Significantly lower PUFA-containing phospholipids within HDL, and their correlations with clinical and liver histological data. (A) Log2 fold change among the significantly different HDL PUFA in healthy volunteers (CTRL) versus NAFLD patients, with “#” indicating a Tukey HSD post hoc significant difference p < 0.05 (details in Supplementary Table 6). (B) Heatmap representing a correlation matrix among significantly different HDL PUFA species and clinical data in healthy volunteers and NAFLD patients: colour represents the Pearson correlation coefficient (red: positive; blue: negative), and the size of the circle represents significance (black bold borders highlight correlations with p < 0.05; red bold borders highlight correlations with p < 0.01). (C) Heatmap representing a correlation matrix among significantly different HDL PUFA species and liver histological data in NAFLD patients (n = 31): colour represents the Pearson correlation coefficient (red: positive; blue: negative), and the size of the circle represents significance (black bold borders highlight correlations with p < 0.05; red bold borders highlight correlations with p < 0.01).

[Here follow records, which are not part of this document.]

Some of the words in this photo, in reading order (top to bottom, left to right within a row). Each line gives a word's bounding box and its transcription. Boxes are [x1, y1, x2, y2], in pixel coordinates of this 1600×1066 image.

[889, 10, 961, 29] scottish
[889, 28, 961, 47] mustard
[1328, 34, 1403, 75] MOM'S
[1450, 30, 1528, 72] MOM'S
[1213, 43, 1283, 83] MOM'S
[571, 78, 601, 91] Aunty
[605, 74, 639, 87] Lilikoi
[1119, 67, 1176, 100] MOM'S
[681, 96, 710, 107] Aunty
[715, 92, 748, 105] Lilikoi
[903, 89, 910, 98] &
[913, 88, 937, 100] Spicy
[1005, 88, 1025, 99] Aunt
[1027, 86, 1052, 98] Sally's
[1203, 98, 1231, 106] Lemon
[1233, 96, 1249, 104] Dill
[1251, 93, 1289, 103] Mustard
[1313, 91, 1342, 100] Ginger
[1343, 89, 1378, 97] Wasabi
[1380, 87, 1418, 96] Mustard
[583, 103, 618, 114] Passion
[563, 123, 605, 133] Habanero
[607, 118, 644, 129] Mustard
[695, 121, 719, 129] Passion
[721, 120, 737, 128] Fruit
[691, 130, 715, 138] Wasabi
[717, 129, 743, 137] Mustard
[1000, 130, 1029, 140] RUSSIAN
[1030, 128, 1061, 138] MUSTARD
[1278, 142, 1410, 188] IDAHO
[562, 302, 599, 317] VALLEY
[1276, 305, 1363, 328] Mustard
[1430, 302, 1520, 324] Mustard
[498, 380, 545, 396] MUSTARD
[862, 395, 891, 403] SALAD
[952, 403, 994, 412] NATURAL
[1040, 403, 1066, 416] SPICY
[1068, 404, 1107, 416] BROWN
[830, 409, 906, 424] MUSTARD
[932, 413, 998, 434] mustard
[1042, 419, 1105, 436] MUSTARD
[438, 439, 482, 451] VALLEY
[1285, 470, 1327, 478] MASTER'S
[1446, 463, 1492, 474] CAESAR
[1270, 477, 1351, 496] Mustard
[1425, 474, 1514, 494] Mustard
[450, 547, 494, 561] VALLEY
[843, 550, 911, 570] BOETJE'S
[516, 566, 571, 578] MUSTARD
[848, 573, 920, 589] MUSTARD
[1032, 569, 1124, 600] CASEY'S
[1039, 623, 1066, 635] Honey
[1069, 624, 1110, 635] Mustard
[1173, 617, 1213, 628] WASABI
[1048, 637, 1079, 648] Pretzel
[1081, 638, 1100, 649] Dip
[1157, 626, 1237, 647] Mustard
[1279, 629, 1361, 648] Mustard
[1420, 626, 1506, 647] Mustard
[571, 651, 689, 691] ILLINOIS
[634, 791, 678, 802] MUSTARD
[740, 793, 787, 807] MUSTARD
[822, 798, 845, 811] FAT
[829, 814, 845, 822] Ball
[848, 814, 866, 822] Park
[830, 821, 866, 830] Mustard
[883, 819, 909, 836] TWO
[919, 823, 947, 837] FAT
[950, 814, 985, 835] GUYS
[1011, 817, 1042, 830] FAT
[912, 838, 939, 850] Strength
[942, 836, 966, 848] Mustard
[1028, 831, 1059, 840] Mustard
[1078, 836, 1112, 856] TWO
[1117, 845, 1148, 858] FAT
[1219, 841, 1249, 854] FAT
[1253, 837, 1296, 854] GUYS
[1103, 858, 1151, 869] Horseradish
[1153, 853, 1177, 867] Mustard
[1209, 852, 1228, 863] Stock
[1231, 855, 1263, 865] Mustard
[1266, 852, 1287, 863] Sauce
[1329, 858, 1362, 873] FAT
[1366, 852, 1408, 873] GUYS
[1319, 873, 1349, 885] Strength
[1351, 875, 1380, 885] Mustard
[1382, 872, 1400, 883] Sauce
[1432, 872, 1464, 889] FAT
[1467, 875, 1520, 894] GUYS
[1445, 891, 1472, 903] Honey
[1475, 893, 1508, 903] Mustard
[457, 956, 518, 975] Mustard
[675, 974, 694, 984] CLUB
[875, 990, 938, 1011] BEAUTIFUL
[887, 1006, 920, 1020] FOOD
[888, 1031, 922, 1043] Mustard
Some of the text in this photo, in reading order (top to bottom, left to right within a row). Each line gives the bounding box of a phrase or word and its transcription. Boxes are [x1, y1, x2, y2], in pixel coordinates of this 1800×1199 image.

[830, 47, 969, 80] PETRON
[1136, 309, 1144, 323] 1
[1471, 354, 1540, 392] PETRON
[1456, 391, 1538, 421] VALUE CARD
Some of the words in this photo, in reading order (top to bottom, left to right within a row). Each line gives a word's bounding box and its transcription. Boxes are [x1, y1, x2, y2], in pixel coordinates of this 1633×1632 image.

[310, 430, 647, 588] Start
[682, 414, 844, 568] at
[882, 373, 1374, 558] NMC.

Abbreviations: PC, phosphatidylcholine; PE, phosphatidylethanolamine; PG, phosphatidylglycerol; SM, sphingomyelin; SFA, saturated fatty acids; MUFA, monounsaturated fatty acids; PUFA, polyunsaturated fatty acids; BMI, body mass index; HOMA2-IR, Homeostasis Model Assessment 2 of Insulin Resistance; TAG, triglycerides; TC, total cholesterol; LDL-C, low-density lipoprotein cholesterol; AST, aspartate aminotransaminase; ALT, alanine aminotransaminase.